Increasing interest rates exert mounting pressure on borrowers while losses in the commercial real estate sector continue to accumulate.
Major banks are expected to report a significant increase in loan losses during the current week, marking the largest jump since the beginning of the COVID-19 pandemic. The rise in interest rates is adding mounting pressure on borrowers across various sectors of the economy.
While higher interest rates have benefited banks to some extent by boosting lending and investment income, the effects of increased rates and inflation are now becoming apparent. After a period of relatively low defaults due in part to pandemic-related stimulus measures and government assistance, lenders are beginning to observe the negative impact of higher rates on borrowers.
The country’s six largest banks, including JPMorgan Chase, Bank of America, Citigroup, Wells Fargo, Goldman Sachs, and Morgan Stanley, are projected to write off a combined $5 billion in defaulted loans during the second quarter of this year, according to average estimates compiled by Bloomberg from bank analysts’ predictions.
Trading Revenues and Interest Rates Shape Earnings Expectations
According to analysts’ estimates, the six major lenders are expected to allocate an additional $7.6 billion as provisions to account for potential loan defaults. These figures are nearly double compared to the same quarter of the previous year. However, they are still lower than the significant losses experienced by large banks during the early stages of the pandemic, where charge-offs and provisions reached $6 billion and $35 billion respectively.
Among the banks, credit cards are causing the most significant impact. JPMorgan is estimated to have incurred $1.1 billion in charge-offs for card loans during the quarter, up from $600 million in the same period last year. For Bank of America, credit card loans account for approximately a quarter of their charge-offs.
Trading revenues, which experienced a remarkable surge in recent years due to volatile financial markets, are anticipated to decelerate.
However, according to bank analysts, the advantages of higher interest rates are expected to outweigh the disadvantages for most major banks. On average, analysts predict that the six largest banks will report a 6 percent year-on-year increase in earnings per share.

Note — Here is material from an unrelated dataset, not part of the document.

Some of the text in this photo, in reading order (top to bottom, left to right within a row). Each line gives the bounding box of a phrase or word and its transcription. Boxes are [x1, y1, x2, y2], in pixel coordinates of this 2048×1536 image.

Banks Serve as Investor Havens Amid Challenges and Loan Loss Projections
KBW bank analysts Christopher McGratty and David Konrad noted that these prominent banks have served as a reliable haven for investors amid concerns over liquidity in regional banks and heightened regulatory scrutiny. Nevertheless, they emphasized that universal banks still face challenges in the current environment.

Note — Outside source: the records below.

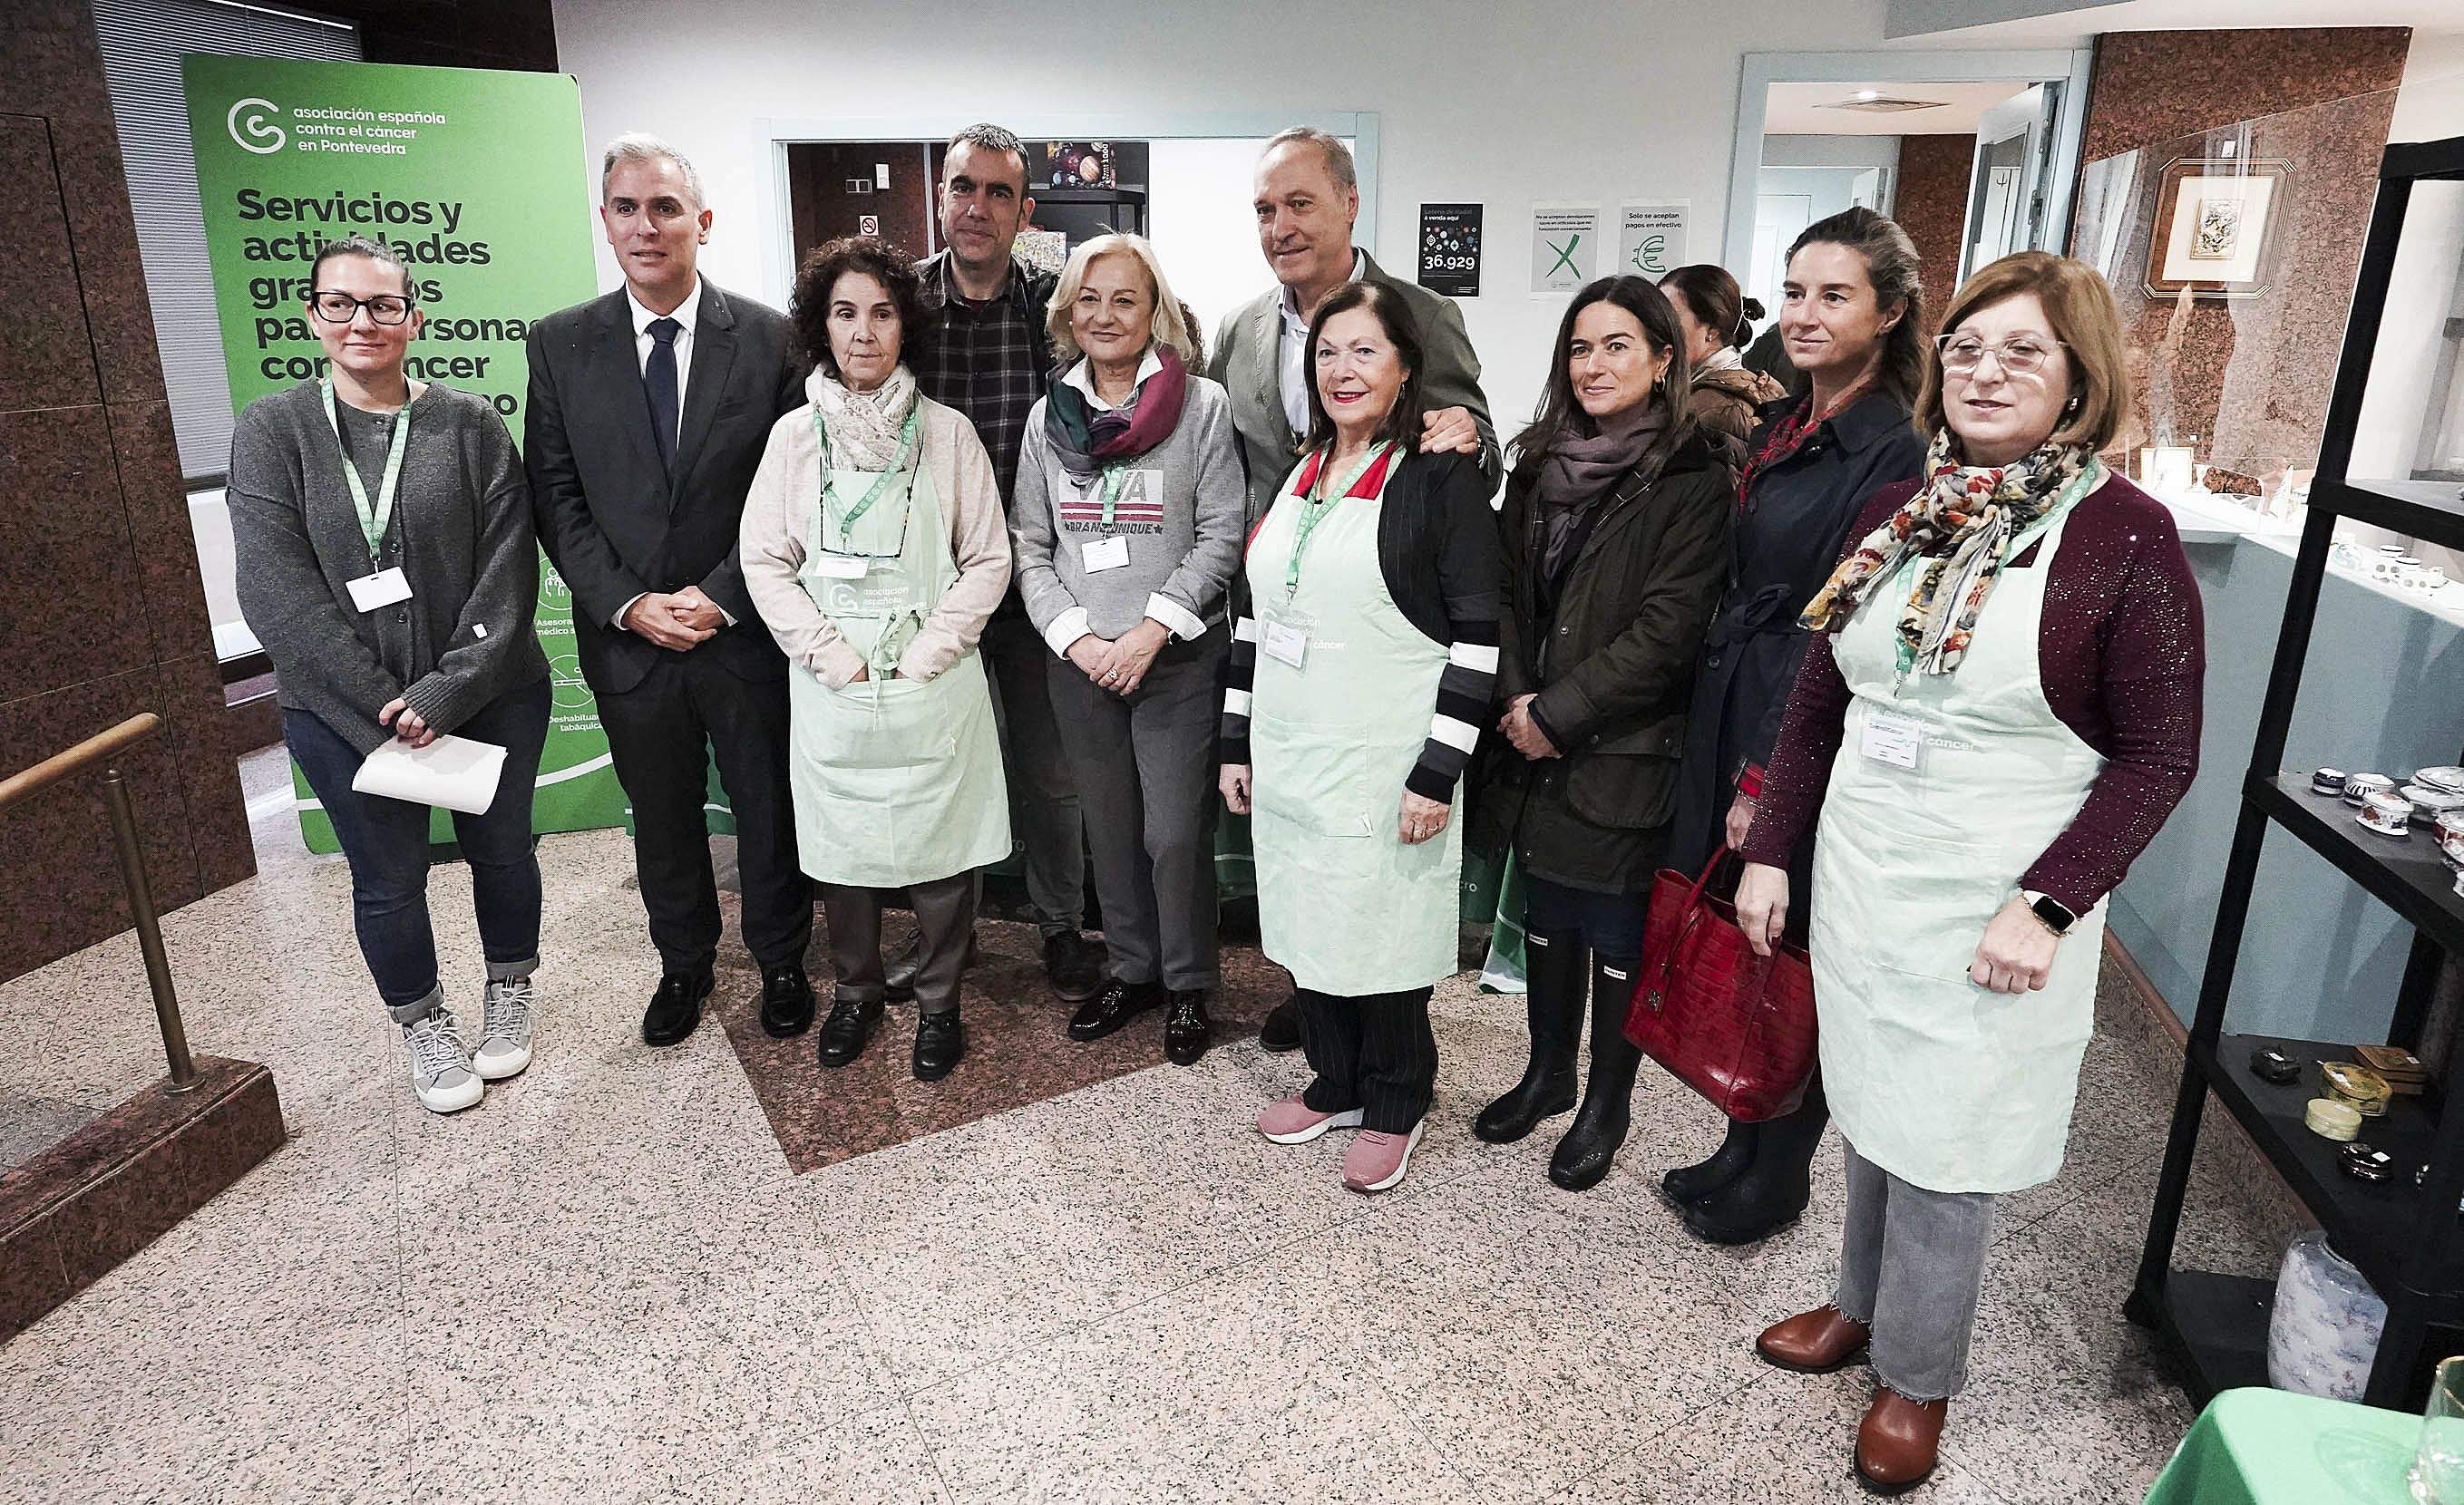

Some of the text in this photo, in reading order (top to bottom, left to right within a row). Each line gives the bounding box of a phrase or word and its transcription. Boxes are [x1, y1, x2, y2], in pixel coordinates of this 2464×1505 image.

[293, 106, 447, 126] asociación española
[296, 123, 417, 139] contra el cáncer
[297, 140, 406, 155] en Pontevedra
[237, 188, 463, 234] Servicios y
[243, 230, 491, 266] actiades
[1424, 254, 1475, 270] 36.929
[402, 356, 491, 379] ncer

JPMorgan, one of the first banks set to report on Friday, is anticipated to announce the most significant percentage increase in loan losses compared to the same period last year.
According to analysts’ predictions, the total expenses from loan charge-offs (unrecoverable losses) and new provisions for the second quarter of the year are estimated to be $3.8 billion. This represents a 120 percent surge compared to the $1.8 billion in losses from soured loans reported by the largest bank in the nation during the same quarter of the previous year.
Wells Fargo and Bank of America are expected to see their combined loan losses more than double in the quarter, while Goldman Sachs is projected to experience a 70 percent rise, and Morgan Stanley and Citigroup both forecasted a 60 percent increase.
Kenneth Leon, a bank analyst at CFRA, foresees that BofA, Citigroup, and JPMorgan will allocate additional reserves in order to cover potential losses in the commercial real estate sector for this quarter.
Banking Sector Faces Challenges and Earnings Reports
In a note to clients last month, Leon stated that as lenders, banks can always engage in loan workouts to address problematic loans. However, he acknowledged that certain individual office buildings may present challenges in finding solutions.
JPMorgan, Citigroup, and Wells Fargo are scheduled to report their earnings on Friday, followed by Bank of America and Morgan Stanley on July 18. Goldman Sachs will report its earnings on July 19.
The banking sector demonstrated resilience during a regional banking crisis earlier this year, as stress test results from the Federal Reserve indicated that the largest banks could withstand substantial losses and still maintain capital levels exceeding regulatory requirements.
While smaller banks have raised savings rates to retain customers, larger institutions have continued to offer relatively modest interest rates, thereby bolstering their profit margins.
However, analysts anticipate that larger banks will eventually need to enhance their rates.
“In the third and fourth quarter, banks experienced unexpectedly high net interest income, surpassing expectations. Now, they may have to relinquish some of those gains. The exact extent remains uncertain, but it is unlikely to be a majority,”.